Clashes erupted when the army entered the camp and surrounded several houses, according to Palestinian news agency Wafa.

A Palestinian security official told AFP that five people were arrested during the raid.

Hamas said it mourned the "young martyr" and praised those "standing up to this arrogant enemy".

The operation came as a Jerusalem hospital confirmed that a British-Israeli woman, Lucy Dee, died after being seriously injured in a shooting attack on Friday in the West Bank, which killed her two daughters, aged 16 and 20.

Their car came under fire in the Jordan Valley, near Jericho. The family were residents of Efrat, a Jewish settlement in the West Bank.

British Foreign Secretary James Cleverly tweeted that there could be "no justification" for the "senseless violence".

Israel has occupied the West Bank since the 1967 Arab-Israeli War and hundreds of thousands of Jewish settlers live in Israeli-approved settlements there, which are considered illegal under international law.

Hundreds of Israelis marched on Monday in the north of the West Bank, pushing for state approval of an Israeli settler outpost.

Several government ministers, including far-right National Security Minister Itamar Ben-Gvir, appeared at the march to Eviatar, whose residents agreed to leave in 2021 while officials examined their case.

Mr Ben-Gvir told the crowd that "the response to terror is to build" settlements.
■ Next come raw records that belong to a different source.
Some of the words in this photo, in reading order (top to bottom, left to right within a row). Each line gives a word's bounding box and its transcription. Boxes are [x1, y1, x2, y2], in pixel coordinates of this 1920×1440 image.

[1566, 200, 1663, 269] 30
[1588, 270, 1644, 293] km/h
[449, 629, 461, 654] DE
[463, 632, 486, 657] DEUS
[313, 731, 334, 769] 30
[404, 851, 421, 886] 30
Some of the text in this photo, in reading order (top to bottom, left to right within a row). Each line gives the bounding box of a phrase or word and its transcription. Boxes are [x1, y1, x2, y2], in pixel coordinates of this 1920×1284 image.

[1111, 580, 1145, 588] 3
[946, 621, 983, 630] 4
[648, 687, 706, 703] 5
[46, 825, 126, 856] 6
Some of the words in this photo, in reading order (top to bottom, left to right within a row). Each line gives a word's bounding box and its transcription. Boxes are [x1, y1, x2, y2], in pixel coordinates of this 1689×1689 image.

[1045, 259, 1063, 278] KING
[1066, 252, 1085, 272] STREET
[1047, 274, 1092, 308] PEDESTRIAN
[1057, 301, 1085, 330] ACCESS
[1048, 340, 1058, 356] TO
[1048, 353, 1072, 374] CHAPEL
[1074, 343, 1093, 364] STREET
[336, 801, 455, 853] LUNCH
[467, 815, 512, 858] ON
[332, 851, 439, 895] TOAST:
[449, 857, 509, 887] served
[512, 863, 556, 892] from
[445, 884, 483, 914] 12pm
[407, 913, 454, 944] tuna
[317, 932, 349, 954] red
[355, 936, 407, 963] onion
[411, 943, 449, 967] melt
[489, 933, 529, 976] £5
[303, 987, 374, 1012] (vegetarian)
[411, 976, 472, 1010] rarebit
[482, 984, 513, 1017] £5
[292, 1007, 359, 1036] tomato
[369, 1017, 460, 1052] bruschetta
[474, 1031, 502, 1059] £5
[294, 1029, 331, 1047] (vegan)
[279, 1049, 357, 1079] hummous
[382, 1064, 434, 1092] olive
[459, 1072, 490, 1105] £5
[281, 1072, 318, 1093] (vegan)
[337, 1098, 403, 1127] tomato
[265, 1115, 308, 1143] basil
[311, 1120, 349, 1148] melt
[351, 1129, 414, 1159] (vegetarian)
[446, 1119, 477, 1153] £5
Violence has flared since Israeli police stormed the prayer hall of Al Aqsa Mosque in a pre-dawn operation aimed at dislodging "law-breaking youths and masked agitators" they said had barricaded themselves inside.

Late Friday an Italian tourist was killed and seven wounded in a car-ramming attack in Tel Aviv.

The Israeli army also said it launched strikes on targets in Syria on Sunday after rockets fired from there landed in the Israeli-occupied Golan Heights.

The conflict has this year claimed the lives of at least 94 Palestinians, 19 Israelis, one Ukrainian and one Italian, according to an AFP count.

These figures include, on the Palestinian side, combatants and civilians, including minors, and on the Israeli side, mostly civilians, including minors, and three members of the Arab minority.